• _EXERCISE DATA_
◇ ◇ ◇ ◇ ◇ ◇ ◇
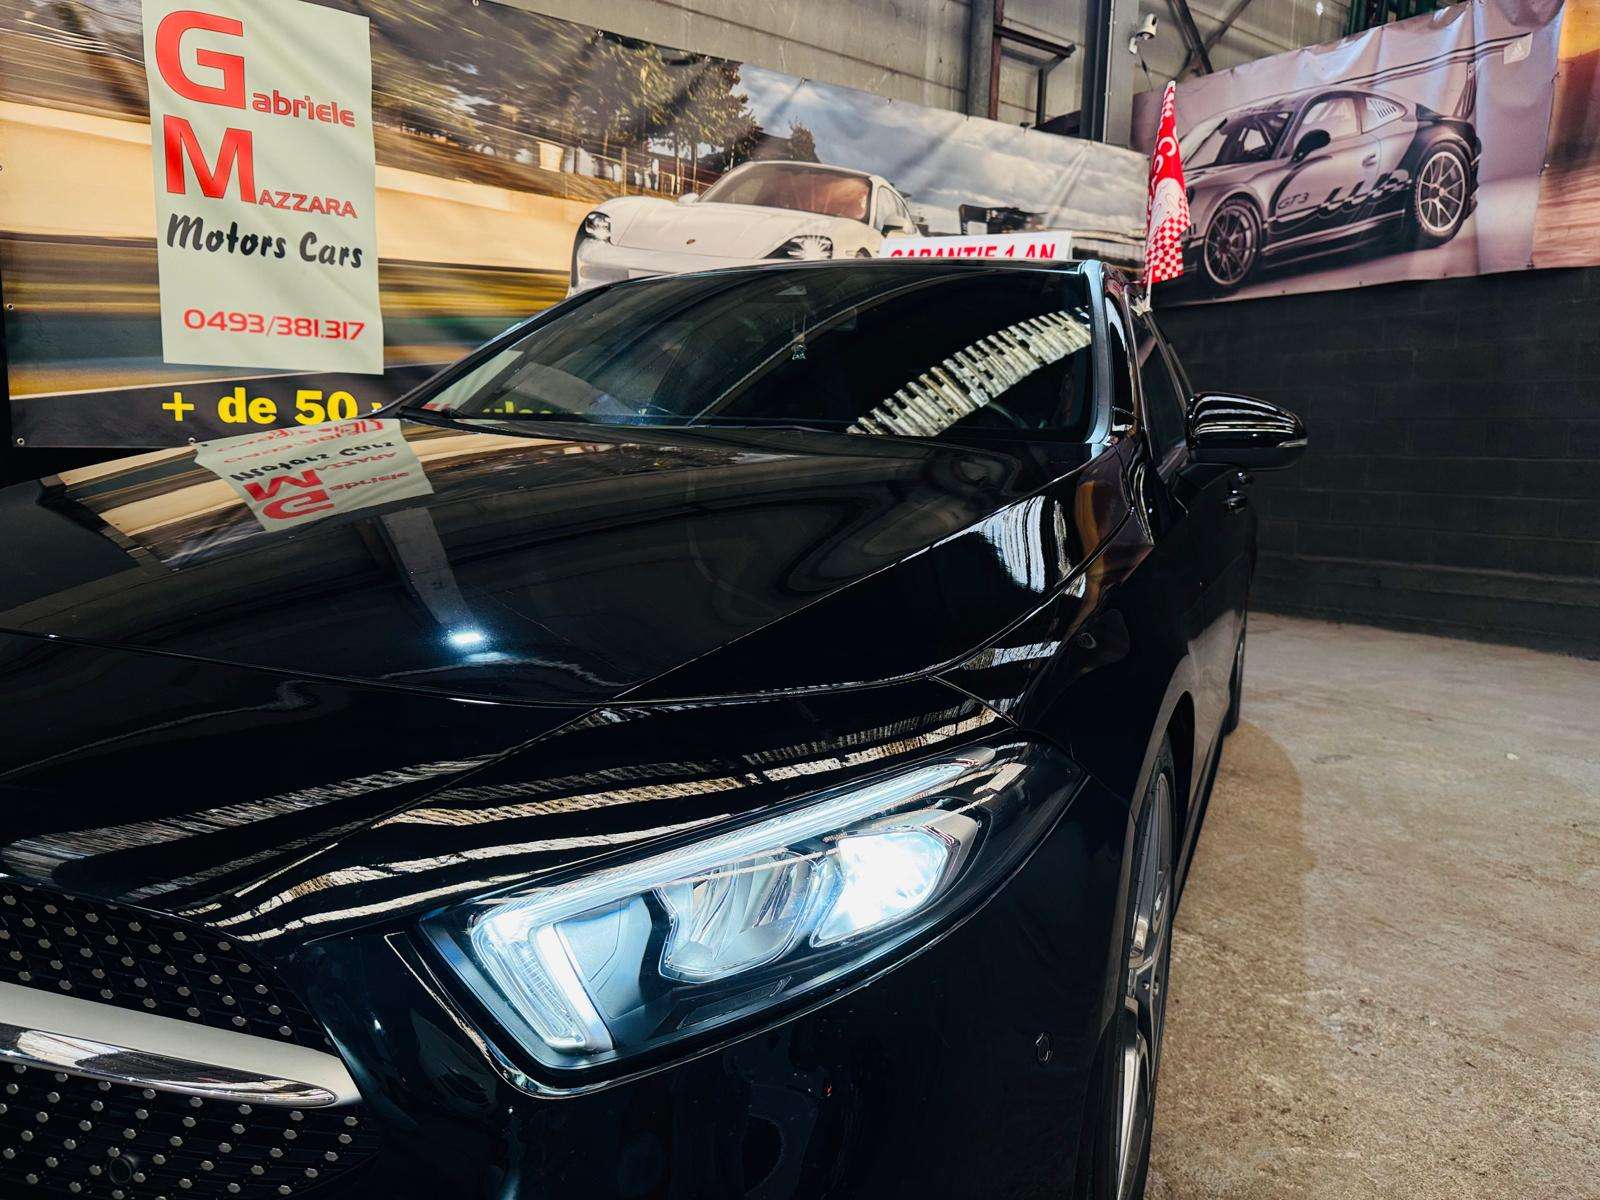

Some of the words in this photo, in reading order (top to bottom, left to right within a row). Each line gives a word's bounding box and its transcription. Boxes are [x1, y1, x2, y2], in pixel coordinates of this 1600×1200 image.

[155, 10, 356, 128] Gabriele
[163, 114, 358, 218] MAZZARA
[1277, 192, 1310, 210] GT3
[166, 212, 286, 259] Motors
[299, 231, 363, 269] Cars
[1005, 244, 1015, 257] 1
[1026, 243, 1056, 258] AN
[183, 308, 365, 341] 0493/381.317
[217, 387, 278, 425] de
[294, 389, 359, 426] 50
◇ ◇ ◇ ◇ ◇ ◇ ◇
• _DIRECTIONS FOR THIS TASK_
Every record above must be repeated exactly, with the pictures dropped.

• _EXPECTED ANSWER_
Some of the words in this photo, in reading order (top to bottom, left to right within a row). Each line gives a word's bounding box and its transcription. Boxes are [x1, y1, x2, y2], in pixel coordinates of this 1600×1200 image.

[155, 10, 356, 128] Gabriele
[163, 114, 358, 218] MAZZARA
[1277, 192, 1310, 210] GT3
[166, 212, 286, 259] Motors
[299, 231, 363, 269] Cars
[1005, 244, 1015, 257] 1
[1026, 243, 1056, 258] AN
[183, 308, 365, 341] 0493/381.317
[217, 387, 278, 425] de
[294, 389, 359, 426] 50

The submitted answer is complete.